After defeating all racers (except for one of Bishop or Carlos) and winning one of the tournaments in San Diego, the player is introduced to Vince (Kiff VandenHeuvel), a mechanic from Detroit. Oscar mentions that the player has been building a reputation as a skilled racer, and that there are some big time races in Atlanta that the player may be interested in. He tells the player to go to the shipping company to make the trip.

===Atlanta===
The player arrives at a garage in Atlanta called "Apone Team Racing". The owner, Apone (Dexter Tillis), introduces himself, but is distracted by his most prized possession: a 1964 gold painted Chevrolet Impala that he customized and is constantly tinkering with. In Atlanta, the player is challenged by three racers. There is also a tournament going on, for which the prize is a "DUB'd-Out" 2004 Cadillac Escalade EXT. After defeating all racers (except for either Dre and Cheng or Vito and Naomi) in Atlanta, Apone mentions that there are more races going on in Detroit and that he thinks it is a good idea for the player to check it out.

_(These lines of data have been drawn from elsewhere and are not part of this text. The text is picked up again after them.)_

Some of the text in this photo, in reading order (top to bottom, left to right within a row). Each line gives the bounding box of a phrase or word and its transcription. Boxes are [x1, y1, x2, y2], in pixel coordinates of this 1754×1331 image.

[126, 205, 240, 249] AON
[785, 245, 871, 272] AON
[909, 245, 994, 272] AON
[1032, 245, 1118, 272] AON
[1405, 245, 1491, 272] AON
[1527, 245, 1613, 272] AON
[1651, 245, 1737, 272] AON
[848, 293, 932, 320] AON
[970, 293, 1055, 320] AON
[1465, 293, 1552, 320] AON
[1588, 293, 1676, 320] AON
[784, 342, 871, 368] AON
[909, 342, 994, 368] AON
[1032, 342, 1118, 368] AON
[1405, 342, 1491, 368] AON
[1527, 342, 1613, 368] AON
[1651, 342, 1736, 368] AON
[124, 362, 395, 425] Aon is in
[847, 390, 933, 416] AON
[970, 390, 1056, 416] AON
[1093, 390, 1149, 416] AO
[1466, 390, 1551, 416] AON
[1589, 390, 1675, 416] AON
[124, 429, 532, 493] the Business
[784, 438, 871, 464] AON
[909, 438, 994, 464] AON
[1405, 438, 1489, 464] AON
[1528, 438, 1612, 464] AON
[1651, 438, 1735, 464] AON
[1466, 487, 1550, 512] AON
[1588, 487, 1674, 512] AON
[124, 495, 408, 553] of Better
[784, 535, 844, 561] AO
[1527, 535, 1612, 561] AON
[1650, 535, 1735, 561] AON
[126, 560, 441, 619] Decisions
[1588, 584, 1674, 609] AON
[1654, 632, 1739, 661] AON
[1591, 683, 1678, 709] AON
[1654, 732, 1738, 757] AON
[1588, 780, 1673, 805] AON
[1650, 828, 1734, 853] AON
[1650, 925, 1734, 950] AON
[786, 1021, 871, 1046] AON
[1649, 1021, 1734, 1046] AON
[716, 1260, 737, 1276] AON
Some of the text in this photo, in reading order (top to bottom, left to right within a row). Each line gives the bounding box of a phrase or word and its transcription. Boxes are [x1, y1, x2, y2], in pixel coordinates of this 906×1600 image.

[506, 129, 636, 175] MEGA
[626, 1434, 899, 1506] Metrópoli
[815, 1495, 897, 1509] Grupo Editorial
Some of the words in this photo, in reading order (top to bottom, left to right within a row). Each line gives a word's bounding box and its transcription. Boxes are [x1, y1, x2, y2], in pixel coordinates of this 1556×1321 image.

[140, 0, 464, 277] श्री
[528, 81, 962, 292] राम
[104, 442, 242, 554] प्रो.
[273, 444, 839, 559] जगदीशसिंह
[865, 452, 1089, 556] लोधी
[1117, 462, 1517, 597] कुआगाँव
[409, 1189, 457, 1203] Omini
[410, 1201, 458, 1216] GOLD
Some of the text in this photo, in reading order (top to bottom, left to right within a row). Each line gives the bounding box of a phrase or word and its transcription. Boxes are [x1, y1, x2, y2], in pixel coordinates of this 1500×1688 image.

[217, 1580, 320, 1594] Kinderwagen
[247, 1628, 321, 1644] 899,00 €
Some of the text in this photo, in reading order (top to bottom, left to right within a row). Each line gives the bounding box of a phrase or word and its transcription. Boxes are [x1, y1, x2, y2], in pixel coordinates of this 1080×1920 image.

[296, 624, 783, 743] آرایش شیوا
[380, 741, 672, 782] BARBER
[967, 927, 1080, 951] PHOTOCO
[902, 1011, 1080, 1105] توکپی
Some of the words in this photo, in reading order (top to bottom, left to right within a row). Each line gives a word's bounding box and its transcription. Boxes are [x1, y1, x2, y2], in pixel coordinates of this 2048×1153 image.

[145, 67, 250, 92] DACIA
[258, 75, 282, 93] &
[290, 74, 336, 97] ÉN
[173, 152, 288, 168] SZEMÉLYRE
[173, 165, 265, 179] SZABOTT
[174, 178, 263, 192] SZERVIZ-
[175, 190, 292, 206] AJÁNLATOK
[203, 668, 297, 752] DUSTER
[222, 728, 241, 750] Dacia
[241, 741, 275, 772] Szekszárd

Street racers in Atlanta are: Roy (1969 Dodge Charger R/T, later a 1999 Dodge Charger R/T Concept), Dre (2005 Cadillac Escalade (second generation)), Cheng (Mitsubishi Lancer Evolution VIII), Vito (Ducati Monster S4R), Lamont (Chevrolet Silverado SS; later returns in a Mercedes-Benz CLK GTR Strassenversion during the US Championship) and Naomi (Hotmatch Skully). Defeating Vito unlocks the Original Riders (Sport Bikes), defeating Dre or Lamont unlocks the Big Playas (SUV/Trucks).

===Detroit===
The player arrives in Detroit and sees a familiar face, Vince. Remembering him, he welcomes the player to town and his shop. He later points to a Lamborghini Murciélago and says it is the prize to whatever car club turns out the best street racer. A familiar face from Atlanta comes to Detroit, Roy, who is a plot-affected racer but is never seen or mentioned. The player races them a couple of times, as well as the car clubs. Early in the player's Detroit career, a tournament is held and a 1949 Chevrolet Fleetline (as Oscar describes it "Just the car to win in Detroit!") is the prize. Upon defeating Ceasar in his first encounter, the player scores a challenge from the By Invitation Only Exotic Car Club. Defeating them earns the player a special, rare 2004 Chrysler ME Four-Twelve (with "Zone" for Exotics being unlocked after the third race).

Street racers in Detroit are: Roy (returning with a Dodge Viper GTS-R Concept; and eventually with a McLaren F1 LM), Spider (Hotmatch D'Elegance), Leo (1981 Chevrolet Camaro Z28), Ceasar (Mercedes-Benz SLR McLaren, later a Lamborghini Gallardo and eventually a Chrysler ME Four-Twelve), Kioshi (Aprilla RSV 1000 R Mille Factory, later a Kawasaki Ninja ZX-12R), and Angel (Saleen S7; later a Cadillac Cien).

===U.S. Championship Series===
After defeating all racers in Detroit, the player races certain drivers twice in a series titled U.S. Championship Series, which takes place in all three cities. and upon defeating them, is crowned the victor of the U.S. Champion Series. Afterwards, the player returns to Vince's and is rewarded the Lamborghini Murciélago from before. Vince says: "It should be driven with respect, and not by some San Diego swinger who thinks he's hot stuff or something".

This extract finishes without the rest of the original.